Friday, December 23, 2011

Daily Times editorial Dec 24, 2011

On the cusp of a defining moment?

Prime Minister Yousaf Raza Gilani’s unusually blunt remarks the other day about moves to oust his government implied that the usual cast of suspects were once again up to their tricks. This candour sent alarm bells ringing throughout the country. The received wisdom was that the prime minister, known for his soft demeanour and reconciliatory manner, had come out swinging against the military establishment and this inevitably meant that the latter would retaliate in customary style. While some were convinced of the possibility of a coup, others regarded that as too risky in the present concatenation of circumstances and thought the intervention (by now considered inevitable) would be indirect. For all the alarmist prognoses therefore, it must have come as a bit of a dampener to learn that the COAS, General Kayani, had categorically refuted all such speculations, stating that the military had no intentions of staging any intervention, direct or indirect, and that it respected democracy and the mandate of the people. Sceptics and cynics may still not be convinced, and they can hardly be blamed, given the dark history of the country where military domination of national life has become a seemingly irreversible fact since the late 1950s.
However, this may not be a 1958, 1969, 1977 or 1999 moment. A tectonic shift below the surface of things, albeit still embryonic and halting, appears to be emerging. Whereas there is no dearth of critics and opponents of the present incumbents, starting with President Asif Ali Zardari and encompassing the PPP-led coalition government, there are few takers for the idea of another military intervention to remove the incumbents. Some are apprehensive whether our hard-won democracy, warts and all, would survive such a development.
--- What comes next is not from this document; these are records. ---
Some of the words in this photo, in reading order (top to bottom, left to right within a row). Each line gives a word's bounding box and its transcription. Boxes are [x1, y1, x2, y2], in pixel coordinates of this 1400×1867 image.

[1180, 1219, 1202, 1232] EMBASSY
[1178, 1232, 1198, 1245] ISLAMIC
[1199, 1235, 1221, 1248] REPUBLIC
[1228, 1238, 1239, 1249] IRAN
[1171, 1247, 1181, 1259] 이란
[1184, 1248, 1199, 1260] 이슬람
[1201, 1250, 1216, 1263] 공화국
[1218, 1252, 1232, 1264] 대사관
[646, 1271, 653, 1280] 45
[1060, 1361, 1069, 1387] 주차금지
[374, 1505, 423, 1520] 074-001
In this regard, the case of the PML-N appears the most interesting. Having been the victim of a military coup that overthrew its elected government in 1999, its leader, Nawaz Sharif, even when he blows alternatively hot and cold against the government, has been exceedingly careful to distance himself from any notion that he or his party support any intervention by the military, a la the 1990s. Even his hawkish Leader of the Opposition in the National Assembly, Chaudhry Nisar, rose to the occasion on the floor of the house to state that his party would oppose any praetorian move. The parties allied to the PPP and part of the coalition also have closed ranks with the PPP in defence of a continuance of the democratic system. Those outside the present parliamentary setup, for example Imran Khan and Jamaat-i-Islami (both boycotted the 2008 elections), are finding it difficult to make the case for the removal of the incumbent dispensation they love to hate without making the obligatory genuflection towards democratic principles. What does this seeming ‘consensus’ portend?
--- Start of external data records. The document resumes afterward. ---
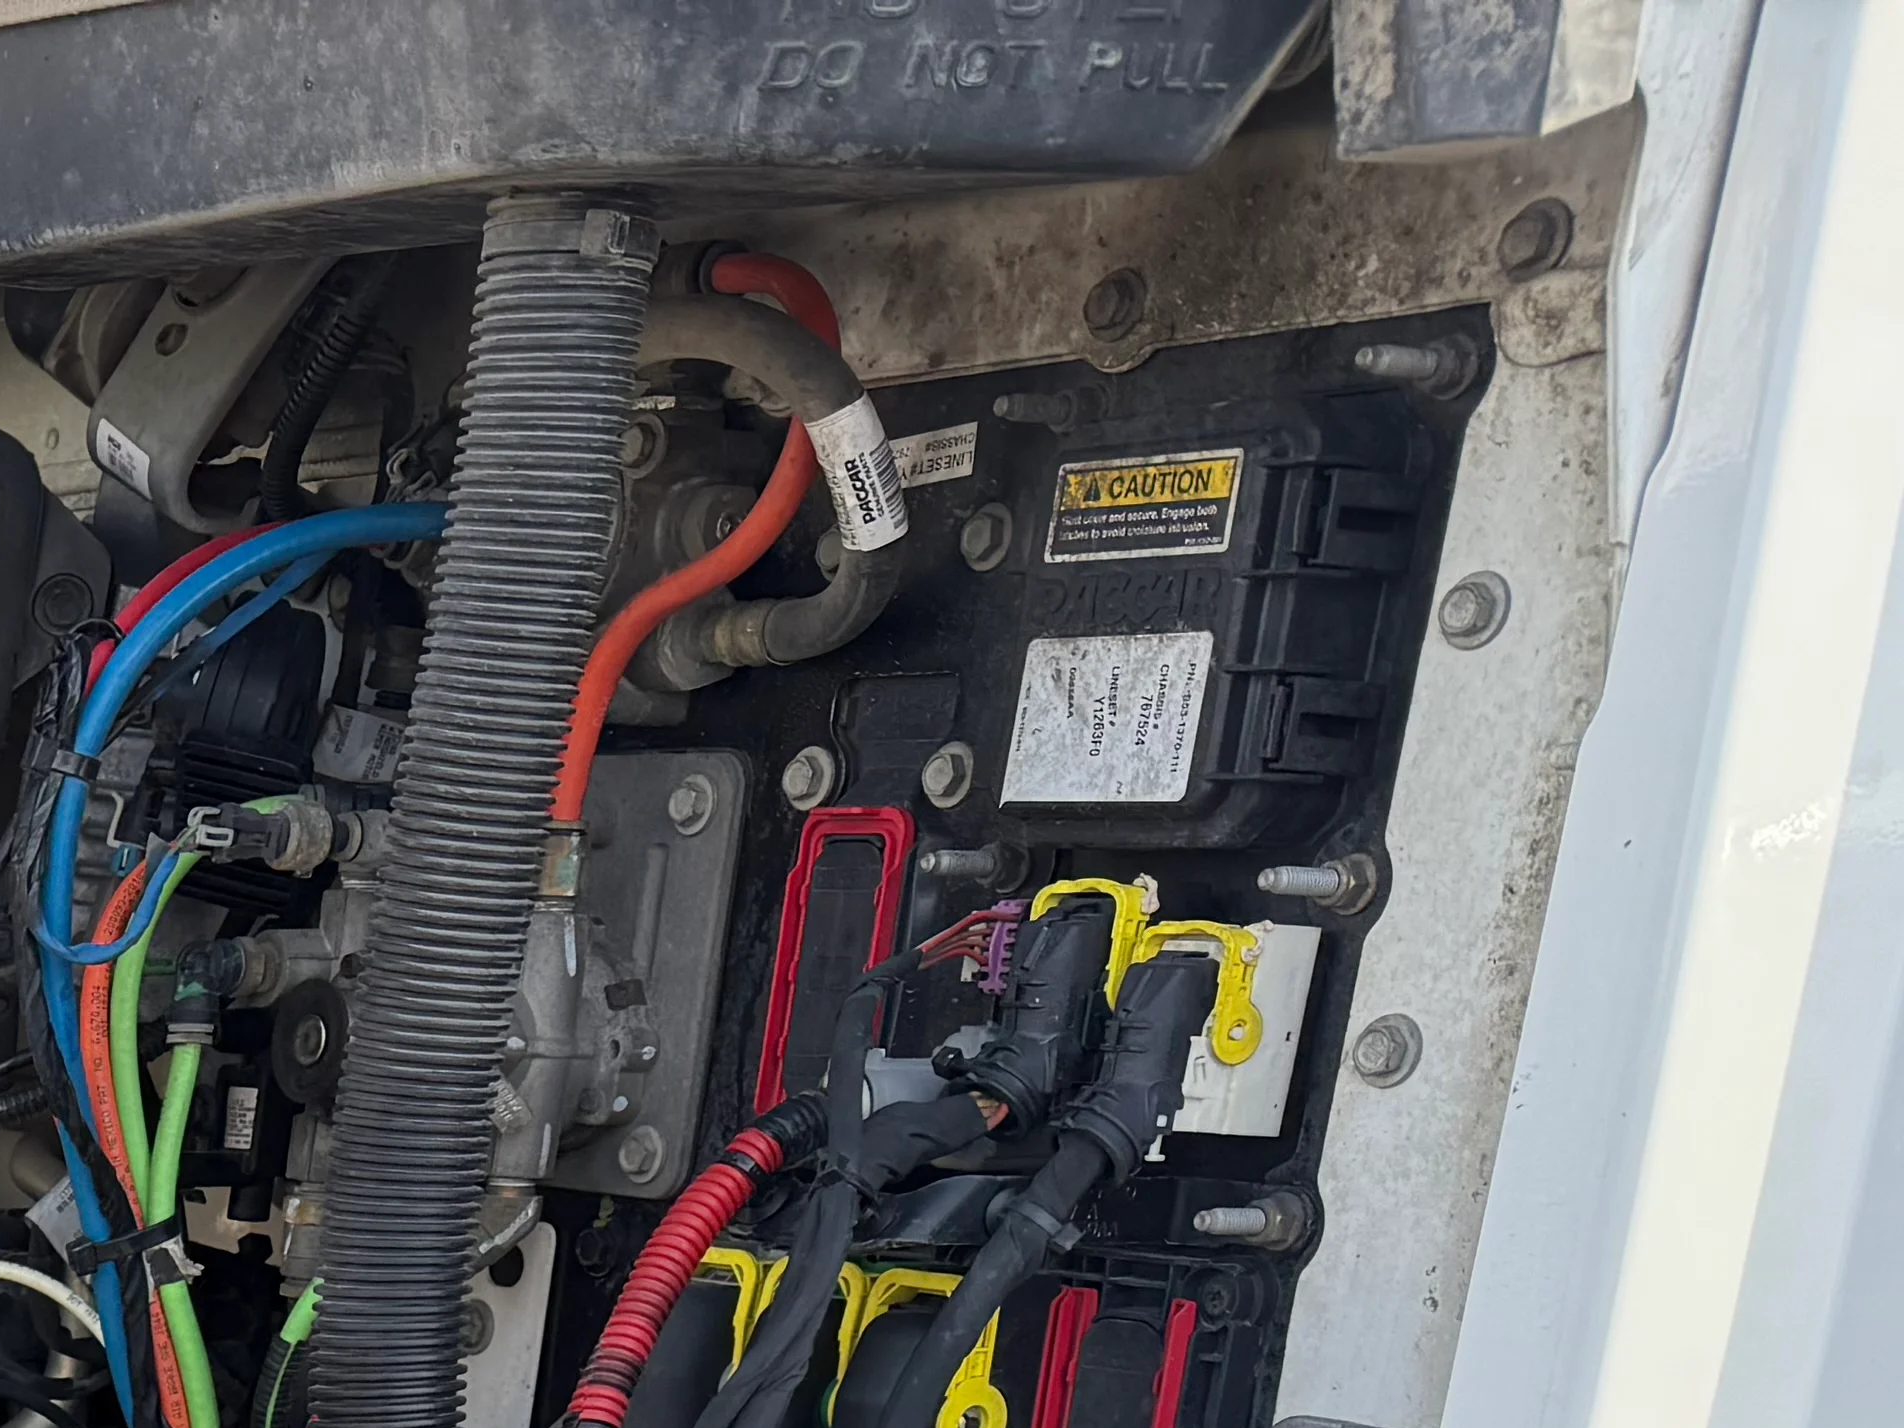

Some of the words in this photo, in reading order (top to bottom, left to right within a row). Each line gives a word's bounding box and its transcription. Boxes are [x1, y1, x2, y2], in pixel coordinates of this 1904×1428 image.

[759, 42, 864, 89] DO
[903, 40, 1049, 90] NOT
[1077, 41, 1229, 93] PULL
[844, 458, 877, 525] PACCAR
[1109, 467, 1212, 500] CAUTION
[1161, 507, 1195, 521] Engage
Without trying to read too much into this (admittedly weak and subject to sudden opportunist shifts) ‘consensus’ of the political class on the need for the continuance of democracy and opposition to all manner of praetorian gambits, one is tempted to venture that we may be on the cusp of a defining historic moment, one in which the legacy of military domination can no longer as confidently call upon the services of one section of the political class to topple a sitting democratically elected government. In the civil-military relationship, badly skewed in favour of Rawalpindi in our history, is there a shift in perception and thinking? Only time will tell. However, there is no gainsaying the fact that only if the political class unites against military domination can the latter be rolled back. The key to our civil-military conundrum lies in two critical areas. One, the political class, whatever its internal rivalries and differences (normal in any polity), must unite against praetorian adventurism and Bonapartism. Two, political party governments must learn to govern in a manner and with a set of policies that bring relief and inspiration to the people. With the democratic consensus on top amongst the political class for democracy strengthened and reinforced by a similar consensus at the base amongst the people that only democracy offers any hope of the redress of their problems and future prosperity and progress, the ground will have been laid for changing Pakistan into a country conforming to the principles of any modern, democratic state and society: the supremacy of the will of the people, reflected in their chosen representatives, subject always to recall if they do not perform.